__Input material__
# # # # # # #
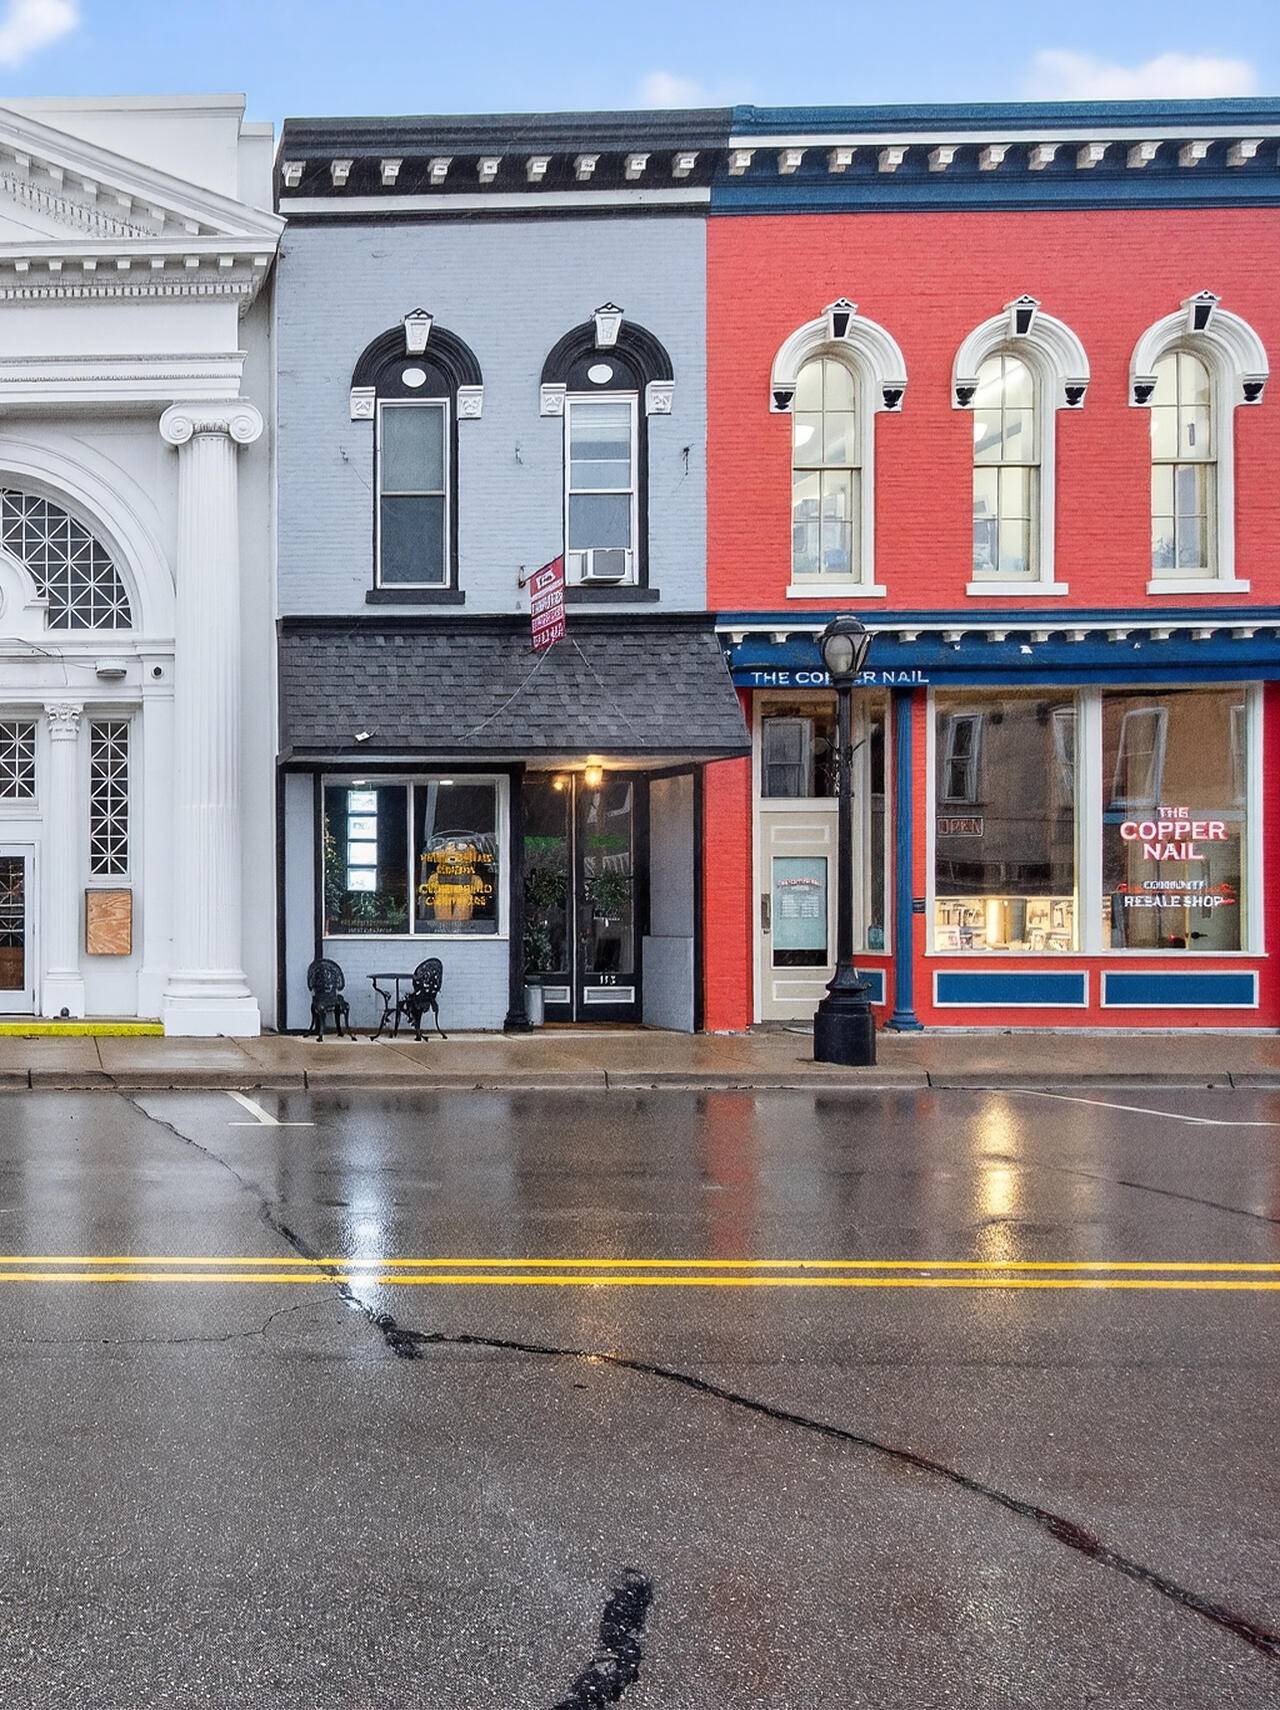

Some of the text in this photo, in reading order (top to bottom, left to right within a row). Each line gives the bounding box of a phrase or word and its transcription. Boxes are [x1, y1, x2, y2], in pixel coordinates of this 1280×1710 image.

[751, 670, 930, 685] THE COR NAIL
[1157, 807, 1190, 818] THE
[1120, 821, 1228, 840] COPPER
[1143, 842, 1205, 860] NAIL
[1124, 895, 1224, 908] RESALE SHOP
# # # # # # #
__What you are asked to do__
An exact copy of every entry above is needed, minus the pictures.

__Written answer__
Some of the text in this photo, in reading order (top to bottom, left to right within a row). Each line gives the bounding box of a phrase or word and its transcription. Boxes are [x1, y1, x2, y2], in pixel coordinates of this 1280×1710 image.

[751, 670, 930, 685] THE COR NAIL
[1157, 807, 1190, 818] THE
[1120, 821, 1228, 840] COPPER
[1143, 842, 1205, 860] NAIL
[1124, 895, 1224, 908] RESALE SHOP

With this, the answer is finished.